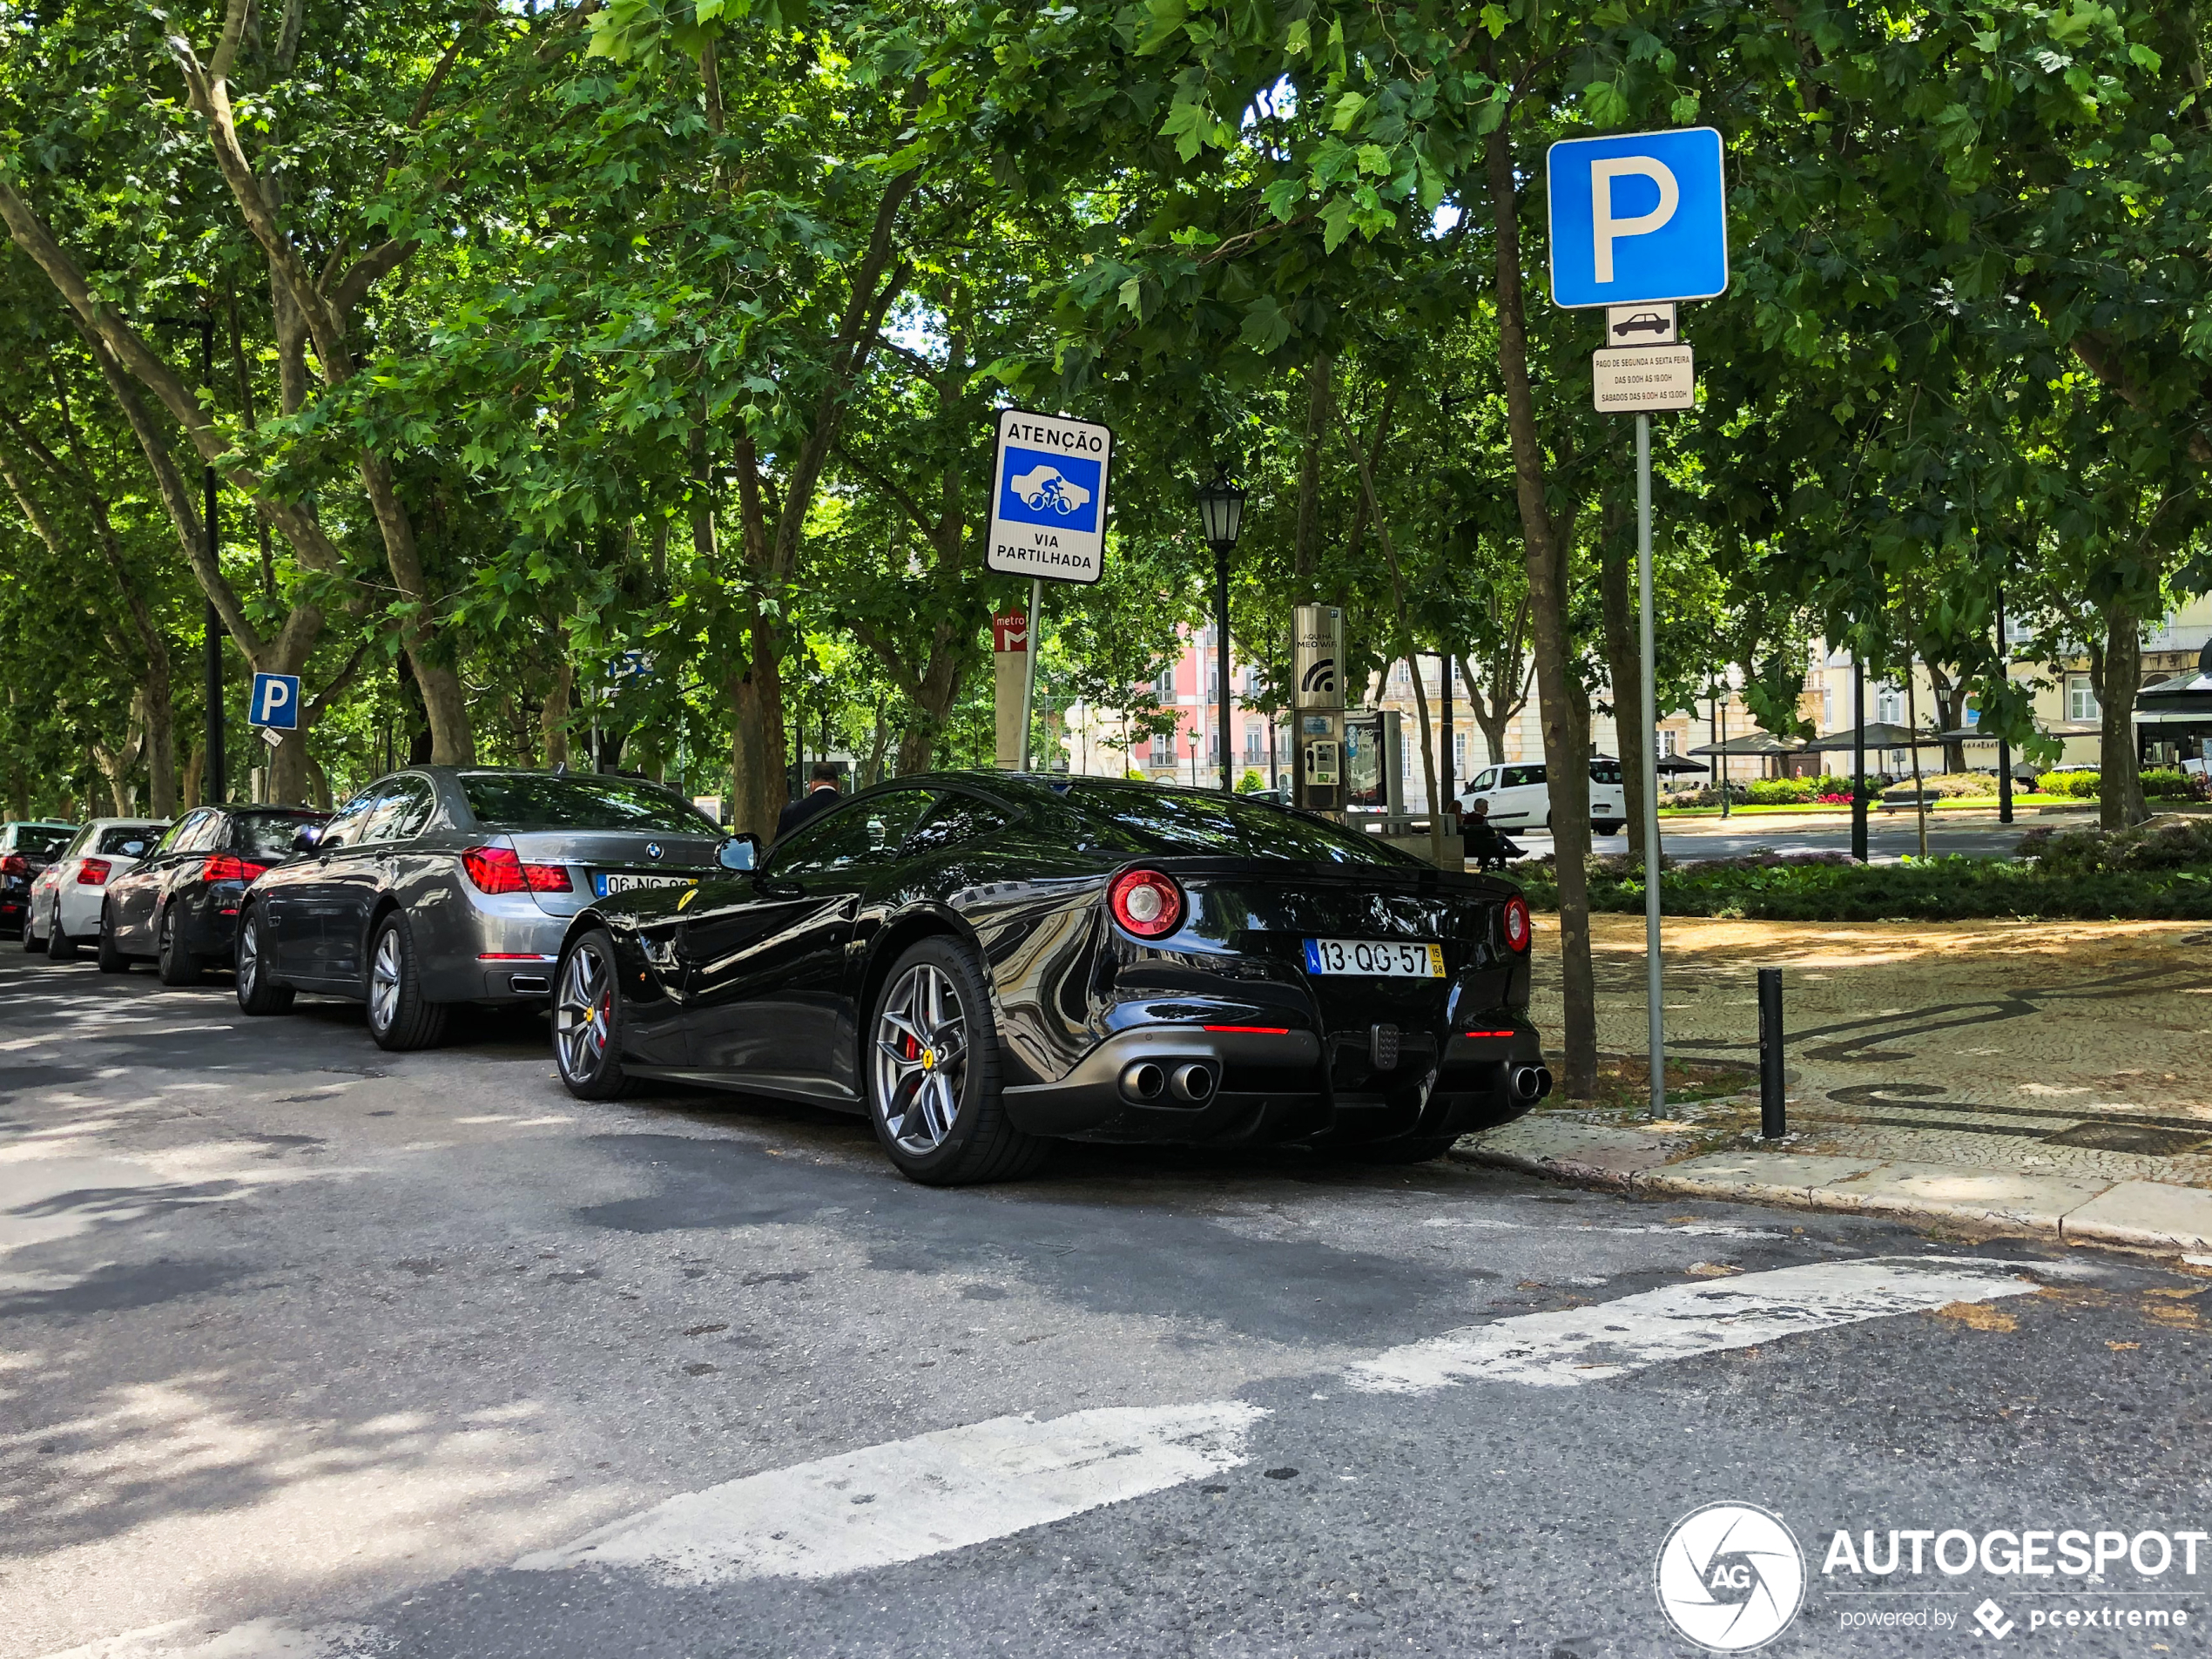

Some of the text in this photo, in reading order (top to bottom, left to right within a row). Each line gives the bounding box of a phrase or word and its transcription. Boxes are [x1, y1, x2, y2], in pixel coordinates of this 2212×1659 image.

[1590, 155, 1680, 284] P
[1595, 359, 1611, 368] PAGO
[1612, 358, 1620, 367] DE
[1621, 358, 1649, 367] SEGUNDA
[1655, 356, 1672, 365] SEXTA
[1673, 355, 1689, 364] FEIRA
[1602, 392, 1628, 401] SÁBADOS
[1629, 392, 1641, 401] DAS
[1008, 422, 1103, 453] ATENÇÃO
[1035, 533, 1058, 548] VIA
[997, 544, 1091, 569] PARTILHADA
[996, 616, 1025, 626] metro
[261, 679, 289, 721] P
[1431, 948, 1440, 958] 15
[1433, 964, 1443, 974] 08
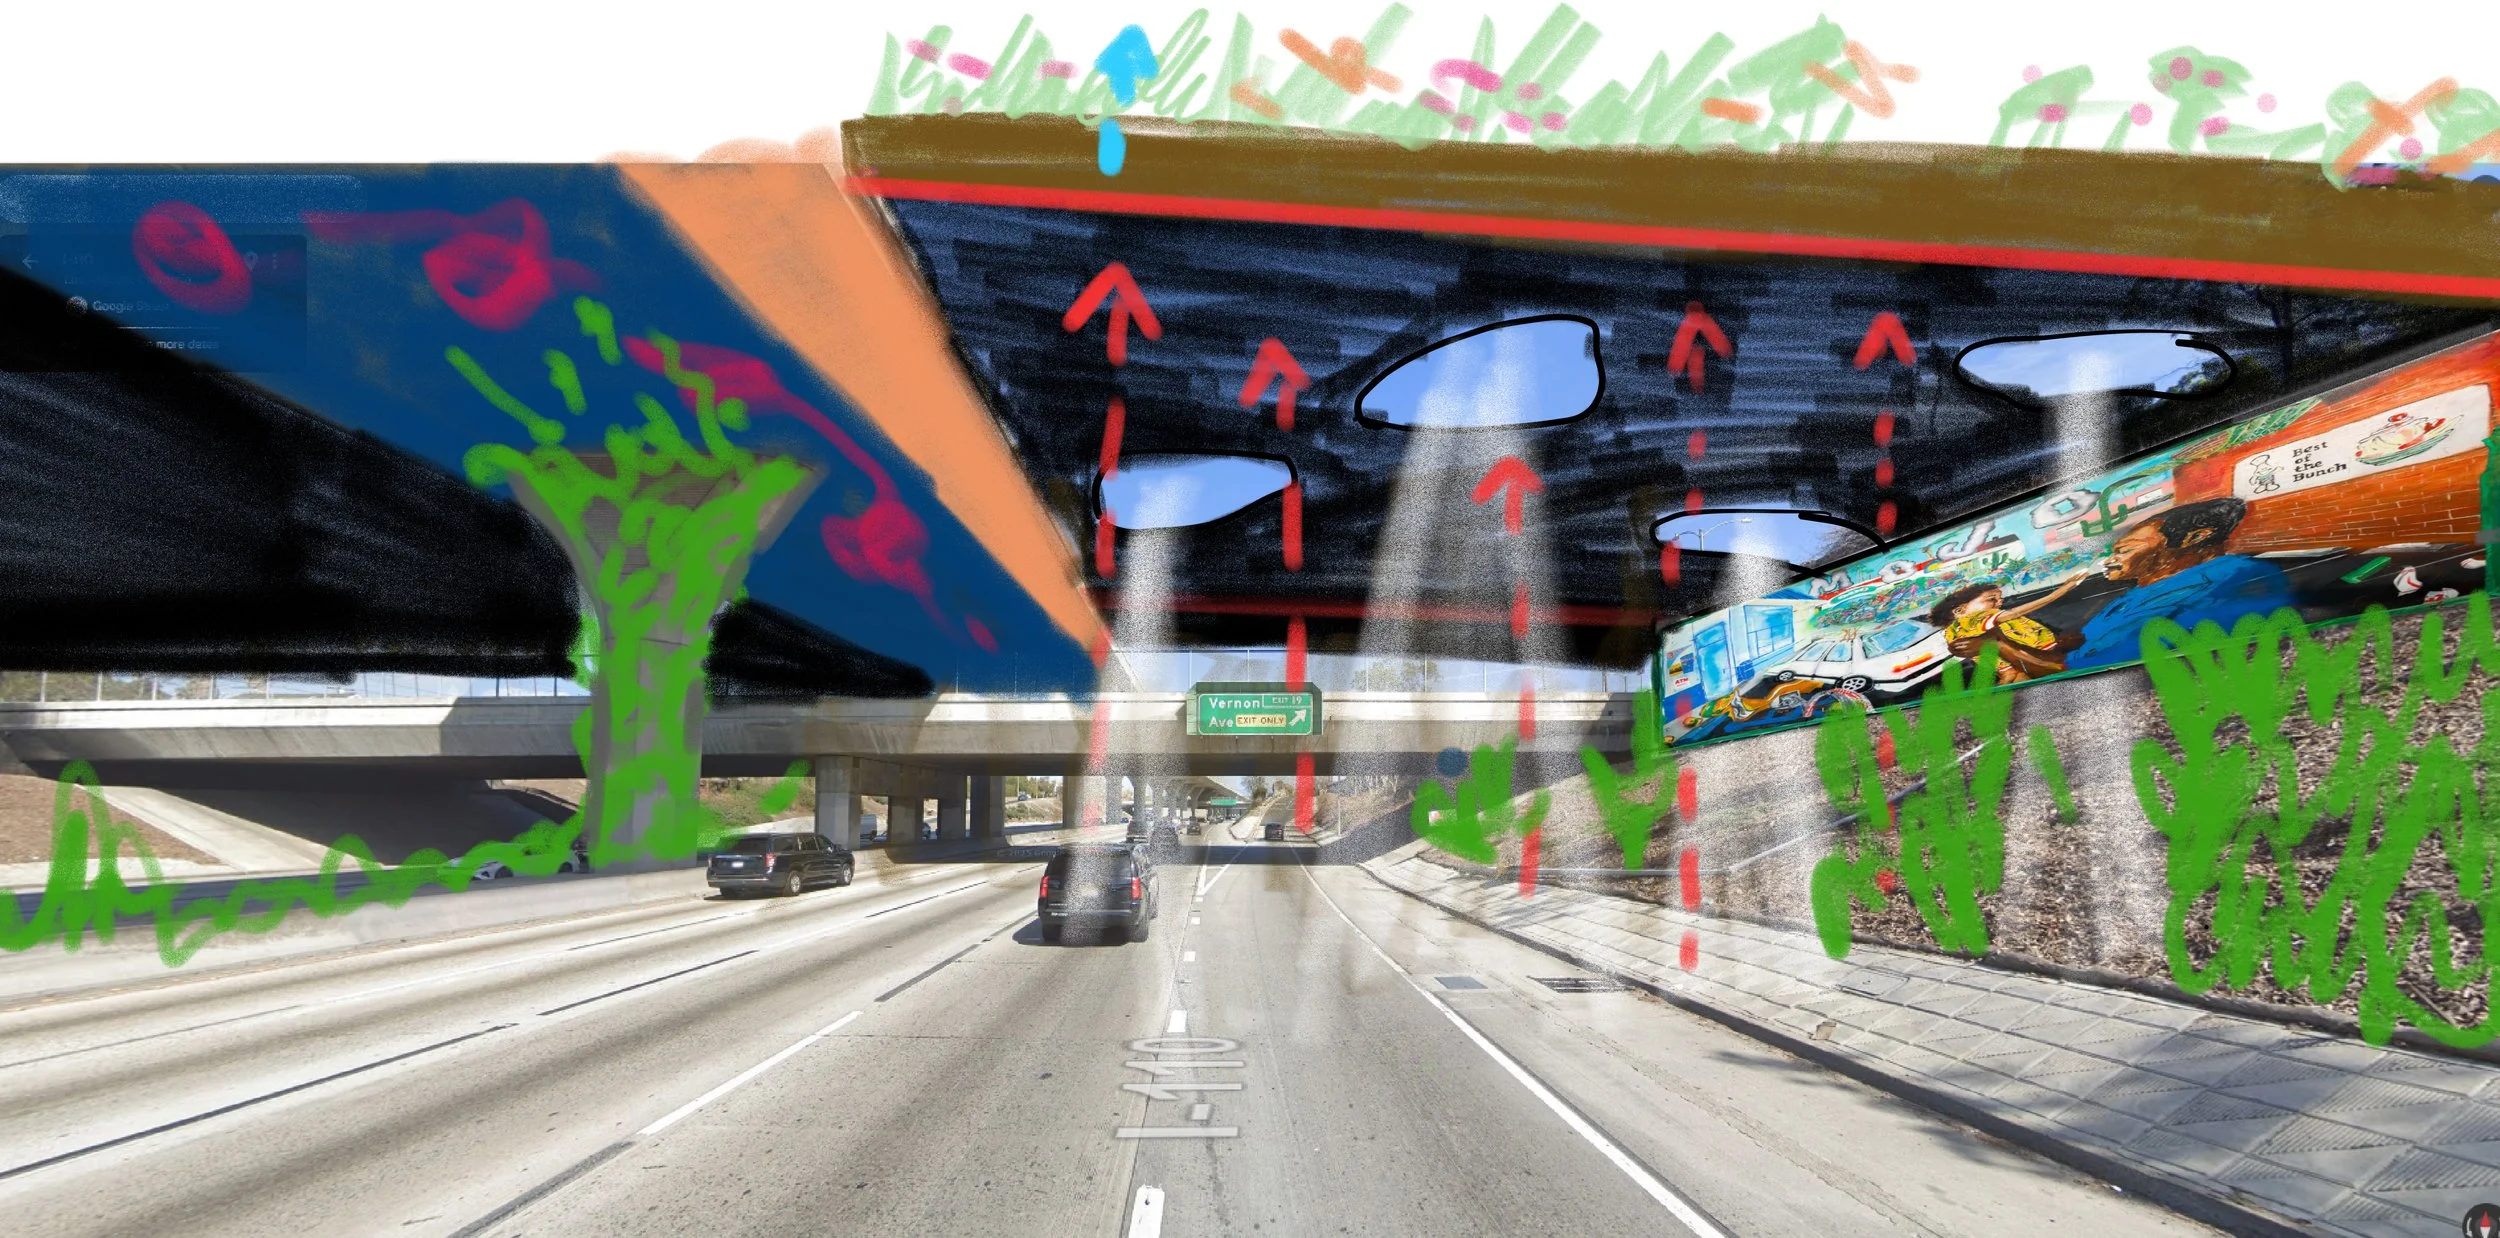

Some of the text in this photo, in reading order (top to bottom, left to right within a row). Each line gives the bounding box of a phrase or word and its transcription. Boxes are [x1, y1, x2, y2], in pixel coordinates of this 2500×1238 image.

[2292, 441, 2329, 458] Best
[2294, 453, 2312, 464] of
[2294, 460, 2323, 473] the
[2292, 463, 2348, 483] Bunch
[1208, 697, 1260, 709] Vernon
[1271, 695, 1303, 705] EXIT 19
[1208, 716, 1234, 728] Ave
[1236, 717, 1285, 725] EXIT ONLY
□ □ □ □
Your goal -
Nothing but the pictures should be left out when the listing above is transcribed.

Result of the exercise -
Some of the text in this photo, in reading order (top to bottom, left to right within a row). Each line gives the bounding box of a phrase or word and its transcription. Boxes are [x1, y1, x2, y2], in pixel coordinates of this 2212×1659 image.

[1590, 155, 1680, 284] P
[1595, 359, 1611, 368] PAGO
[1612, 358, 1620, 367] DE
[1621, 358, 1649, 367] SEGUNDA
[1655, 356, 1672, 365] SEXTA
[1673, 355, 1689, 364] FEIRA
[1602, 392, 1628, 401] SÁBADOS
[1629, 392, 1641, 401] DAS
[1008, 422, 1103, 453] ATENÇÃO
[1035, 533, 1058, 548] VIA
[997, 544, 1091, 569] PARTILHADA
[996, 616, 1025, 626] metro
[261, 679, 289, 721] P
[1431, 948, 1440, 958] 15
[1433, 964, 1443, 974] 08

Some of the text in this photo, in reading order (top to bottom, left to right within a row). Each line gives the bounding box of a phrase or word and its transcription. Boxes are [x1, y1, x2, y2], in pixel coordinates of this 2500×1238 image.

[2292, 441, 2329, 458] Best
[2294, 453, 2312, 464] of
[2294, 460, 2323, 473] the
[2292, 463, 2348, 483] Bunch
[1208, 697, 1260, 709] Vernon
[1271, 695, 1303, 705] EXIT 19
[1208, 716, 1234, 728] Ave
[1236, 717, 1285, 725] EXIT ONLY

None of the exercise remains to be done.